> _Dataset entries_
·····

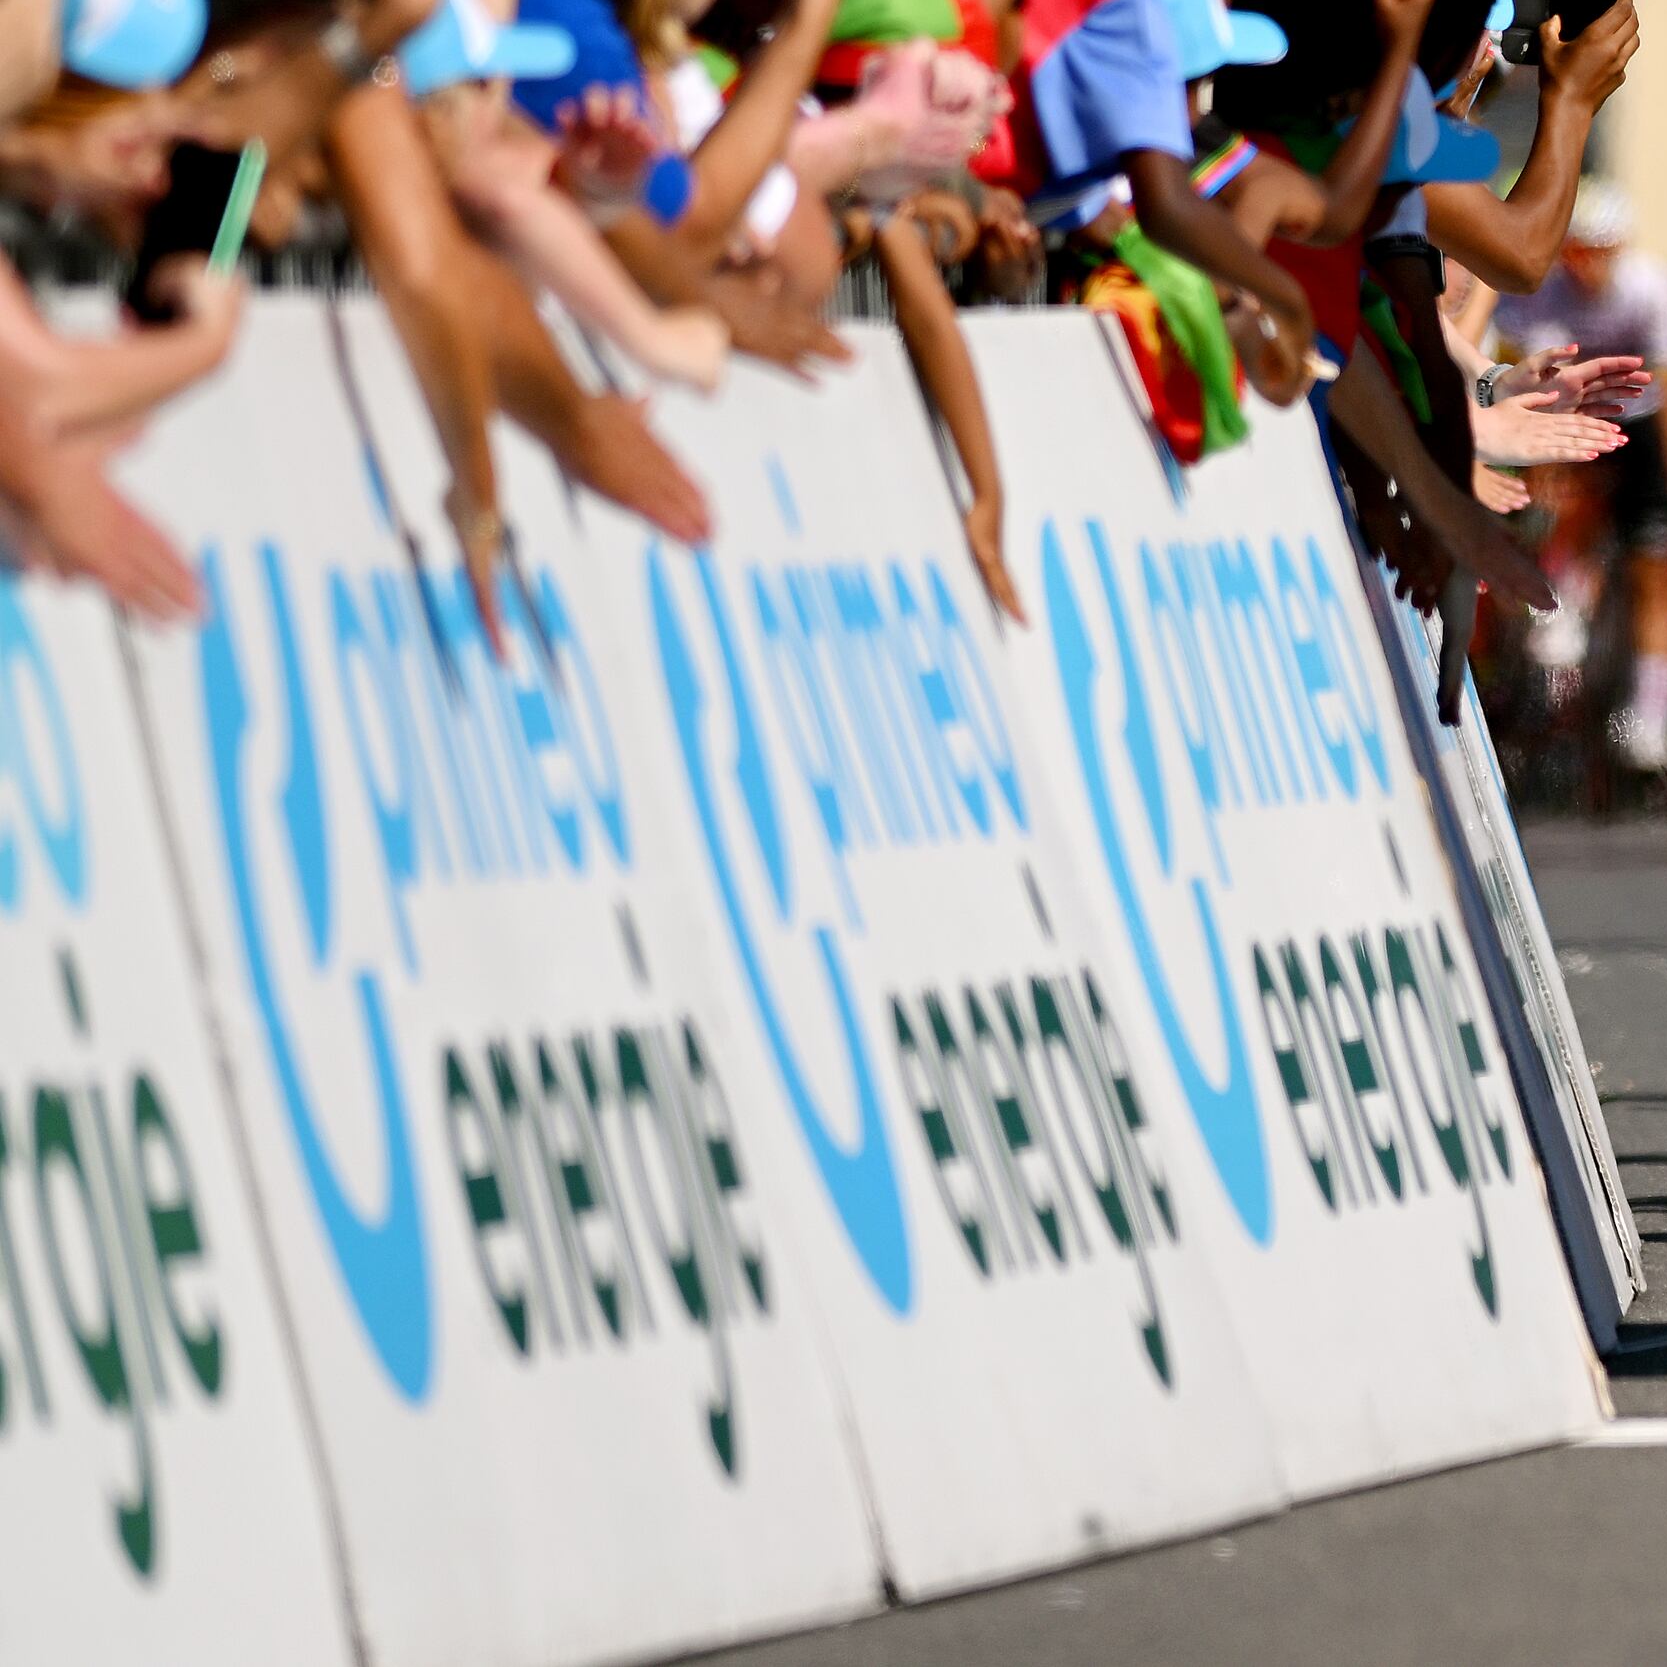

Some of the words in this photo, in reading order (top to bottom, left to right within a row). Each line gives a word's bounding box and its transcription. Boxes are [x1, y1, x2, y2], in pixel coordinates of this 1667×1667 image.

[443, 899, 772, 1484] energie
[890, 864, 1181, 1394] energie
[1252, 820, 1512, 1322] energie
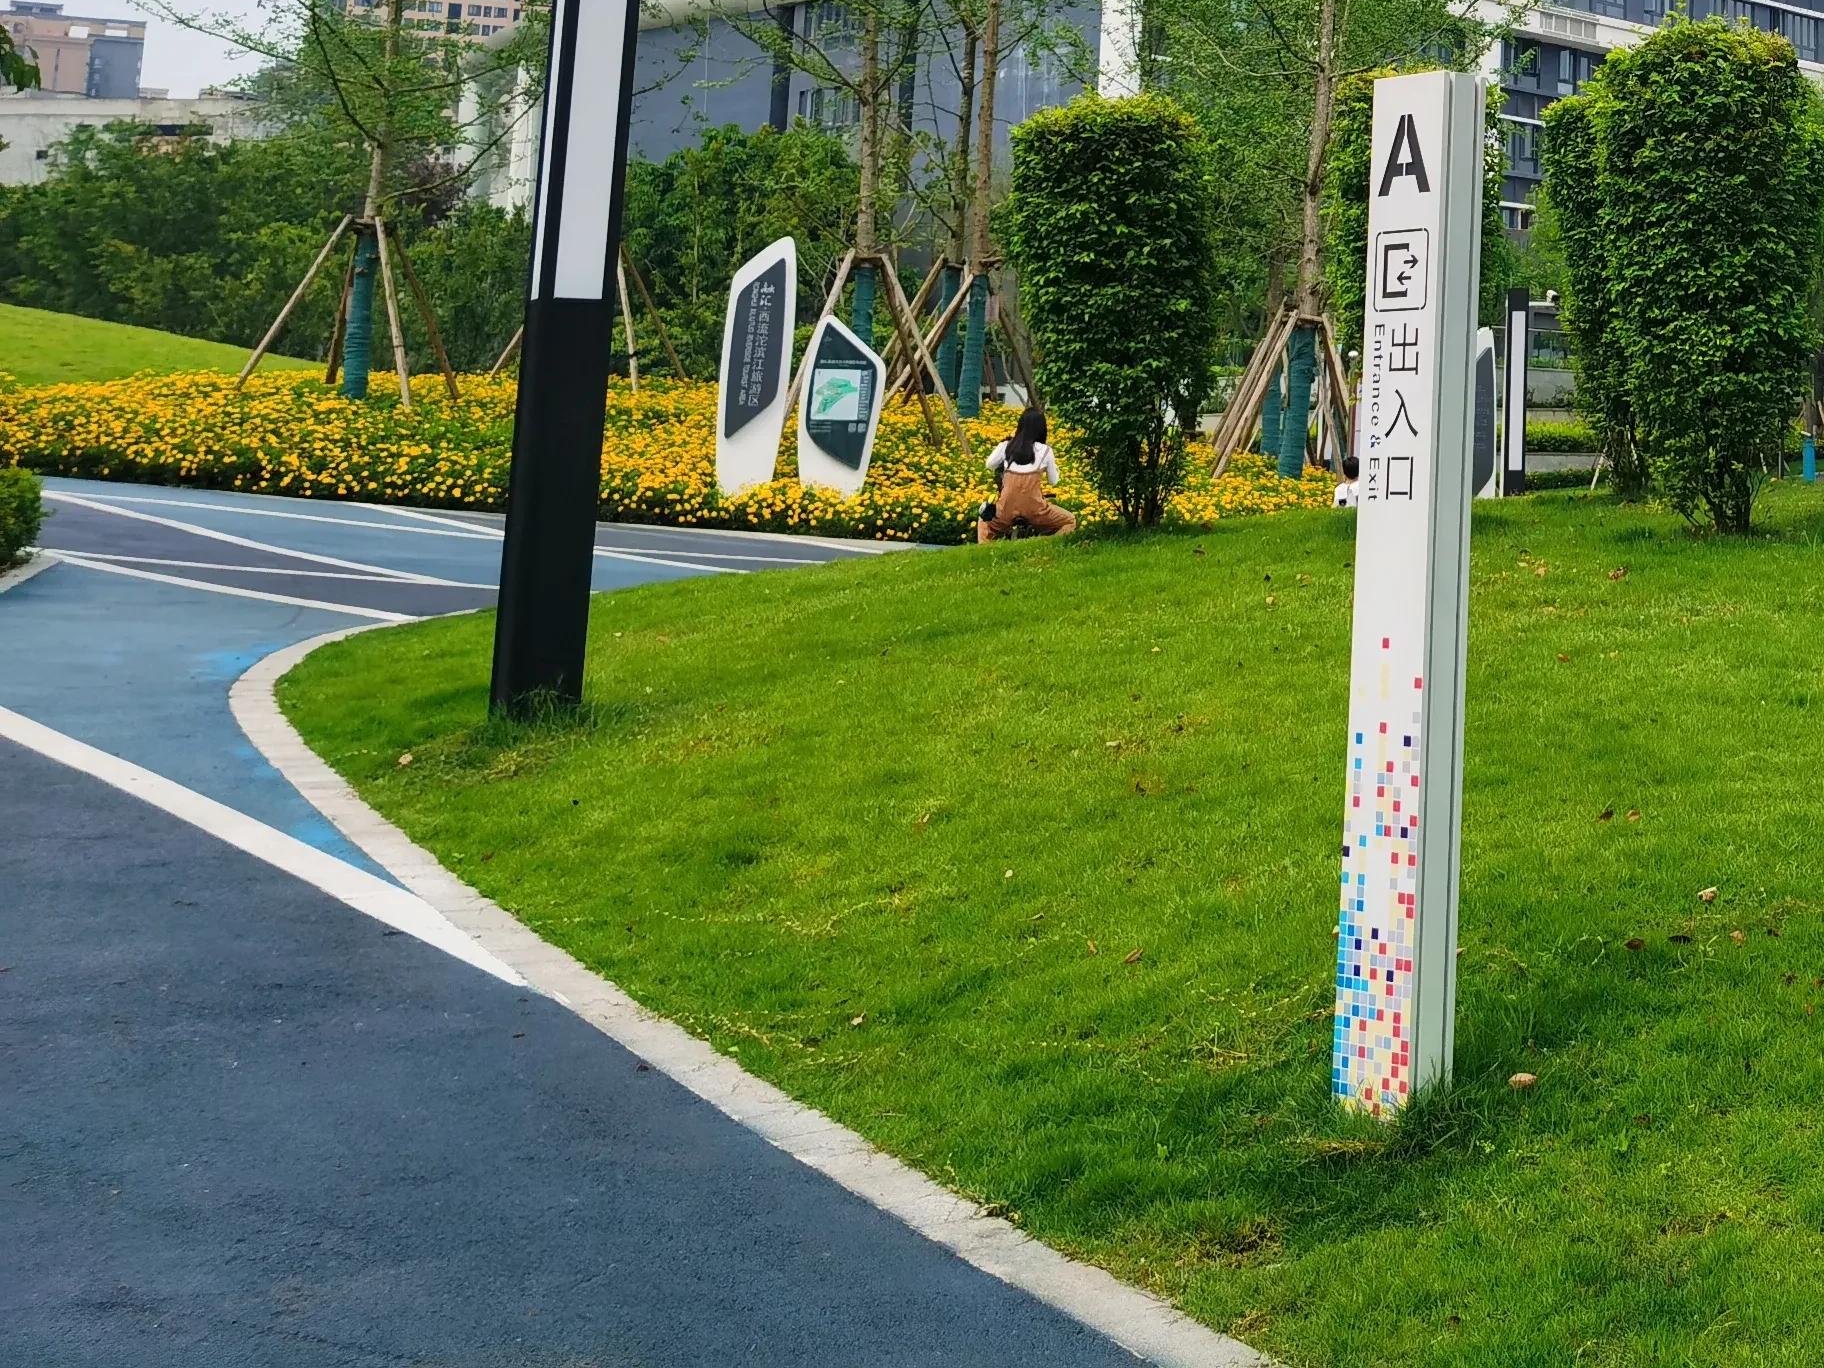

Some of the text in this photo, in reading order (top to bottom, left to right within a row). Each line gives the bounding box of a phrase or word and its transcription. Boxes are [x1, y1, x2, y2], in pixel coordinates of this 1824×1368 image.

·····

> _Requirement_
Write out the records in full and exactly, omitting the pictures they hold.

> _Exercise result_
Some of the words in this photo, in reading order (top to bottom, left to right within a row). Each line gives a word's bounding box and its transcription. Boxes are [x1, y1, x2, y2], in pixel coordinates of this 1667×1667 image.

[443, 899, 772, 1484] energie
[890, 864, 1181, 1394] energie
[1252, 820, 1512, 1322] energie

Some of the text in this photo, in reading order (top to bottom, left to right within a row). Each line gives the bounding box of a phrase or word and its transcription. Boxes are [x1, y1, x2, y2], in pixel coordinates of this 1824×1368 image.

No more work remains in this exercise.